Disruption of microtubule network results in reduced mitochondrial movements in sPD cybrid cells. (A) Representative kymograph images (out of three experiments) of mitochondrial movement in CT and sPD cybrid cells treated with nocodazole (24 h), taxol (24 h) and lysosomal inhibitors (NL, 4 h) or subjected to starvation (starved, 6 h).
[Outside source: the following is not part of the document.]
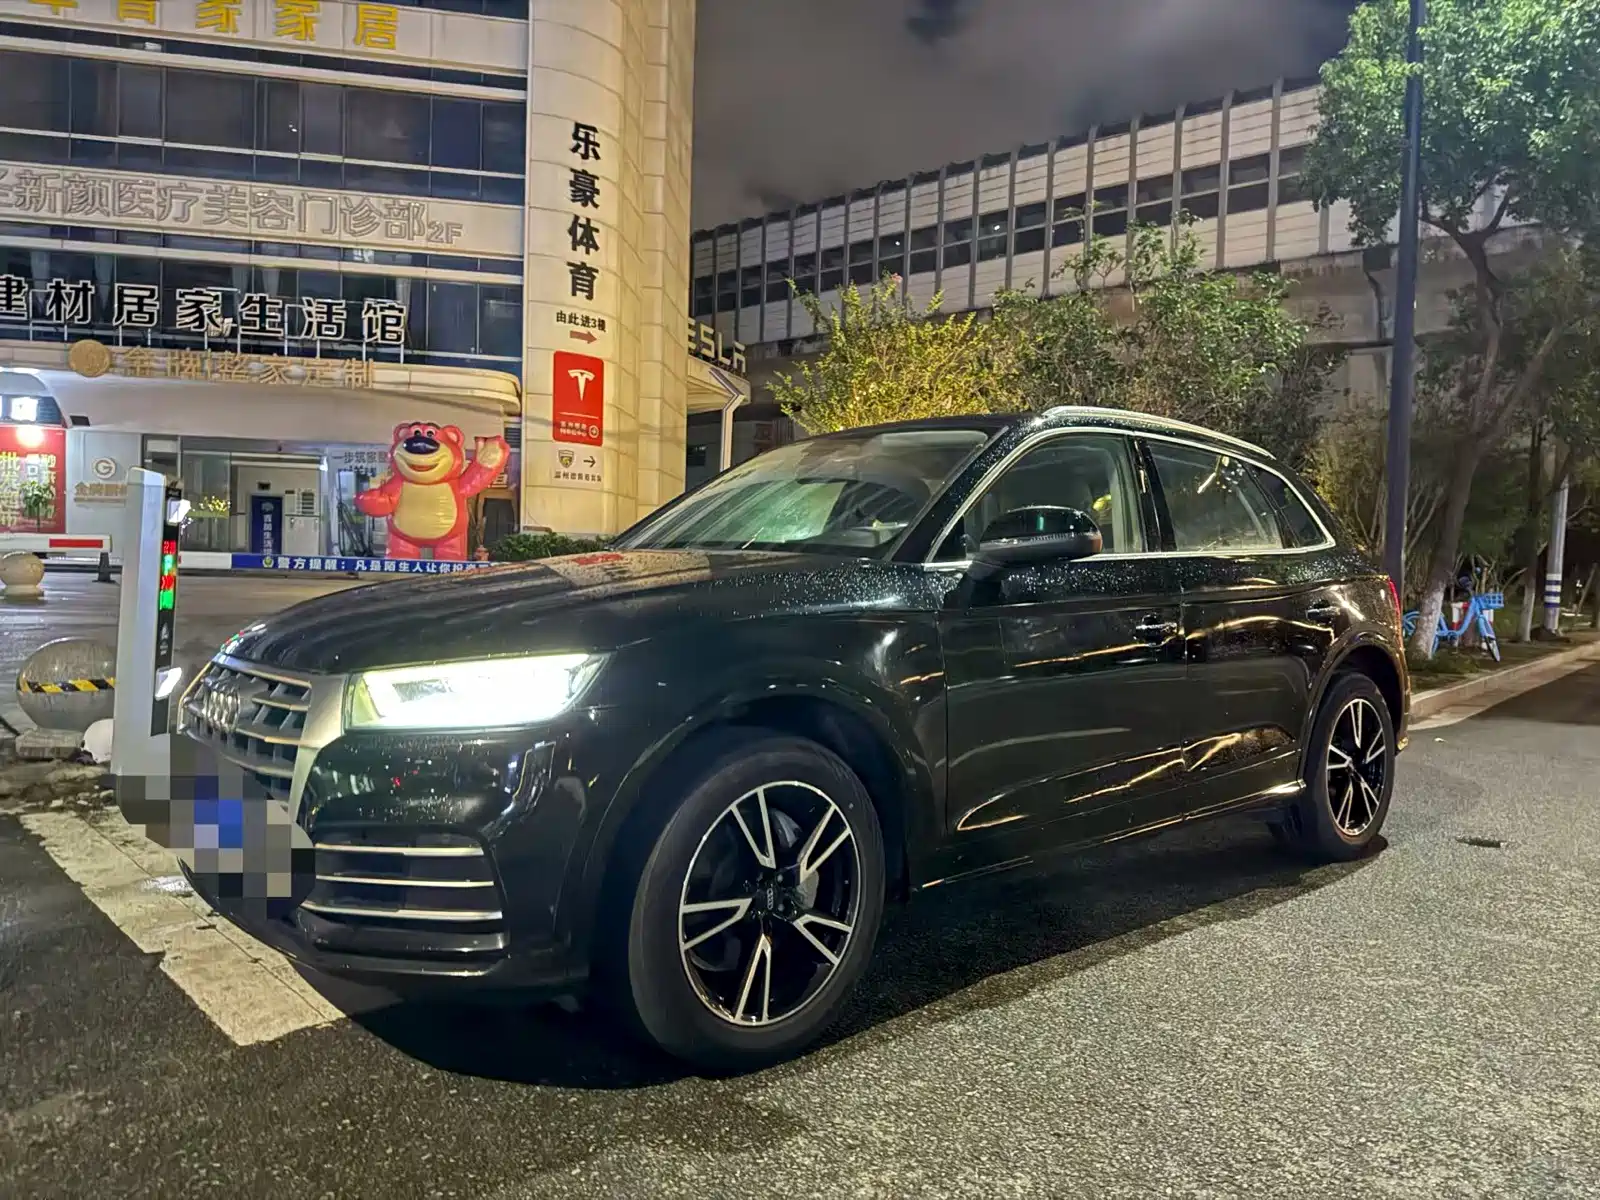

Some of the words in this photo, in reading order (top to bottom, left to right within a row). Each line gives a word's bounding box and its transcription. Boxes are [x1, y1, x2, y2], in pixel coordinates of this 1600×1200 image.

Scale bars: 5 µm. (B) Number of movable mitochondria when compared with those of total mitochondria (n= 3, *P< 0.05, **P< 0.01, ***P< 0.001, versus CT cybrids; ##P< 0.01, ###P< 0.001, versus sPD cybrids). (C1–4) Cumulative data for mitochondrial transport velocity in CT and sPD cybrid cells treated with Noc (C1), NL (C2), subjected to starvation (C3) or treated with taxol (C4) (n= 3). (D) Average transport velocity of mitochondria (μm/s) (n= 3, *P< 0.05, ***P< 0.001, versus CT cybrids; #P< 0.05,##P< 0.01,###P< 0.001, versus sPD cybrids).
Figure 10.
Figure 10.
α-Synuclein and p62 degradation by autophagy is impaired in cells harboring mitochondrial dysfunction. (A) Immunoblot for p62 from CT and sPD cybrid cells cultured in S+ or S− conditions and treated with or without lysosomal inhibitors (NL). (B) Densitometric analysis of p62 levels (n= 6, **P< 0.01 versus S+ CT cybrids; #P< 0.05, versus S− CT cybrids). (C and E) Immunoblots for α-synuclein oligomeric forms from CT and sPD cybrid cells cultured in S+ or S− conditions and treated with or without lysosomal inhibitors (NL). Representative blots of Triton X-100-soluble oligomeric species (C) and Triton X-100-insoluble, SDS-resistant oligomeric species (E). The arrow indicates band of tetrameric form of α-synuclein. (D and F) Densitometric analysis of α-synuclein-soluble oligomers content (D) (n= 12, *P< 0.05, **P< 0.01, versus S+ CT cybrids; ##P< 0.01, versus S+ sPD cybrids) and α-synuclein-insoluble oligomers content (F) (n= 12, ***P< 0.001, versus S+ CT cybrids).
Figure 11.
Figure 11.
Impaired autophagic turnover triggers caspase-3 over-activation in cells harboring mitochondrial deficits. Caspase-3 activation was addressed by Ac-DEVD-pNA cleavage in CT and sPD cybrids (A) (n= 12; ***P< 0.001, versus CT cybrids); NT2 Rho0 cells (B) (n= 5; **P< 0.01, ***P< 0.001, versus untreated Rho0 cells) treated with or without lysosomal inhibitors (NL), 3-MA or rapamycin (Rap) for 4 h; and in MPP+-treated NT2 Rho+ cells treated with or without 3-MA for 4 h (C) (n= 6–8; *P< 0.001, versus untreated cells; ###P< 0.001, versus MPP+-treated cells; &&P< 0.01, versus 3-MA-treated cells) or Rap for 6 h (D) as indicated (n= 6–8; ***P< 0.001, versus untreated cells; #P< 0.01, versus Rap-treated cells; &&&P< 0.001, versus MPP+-treated cells).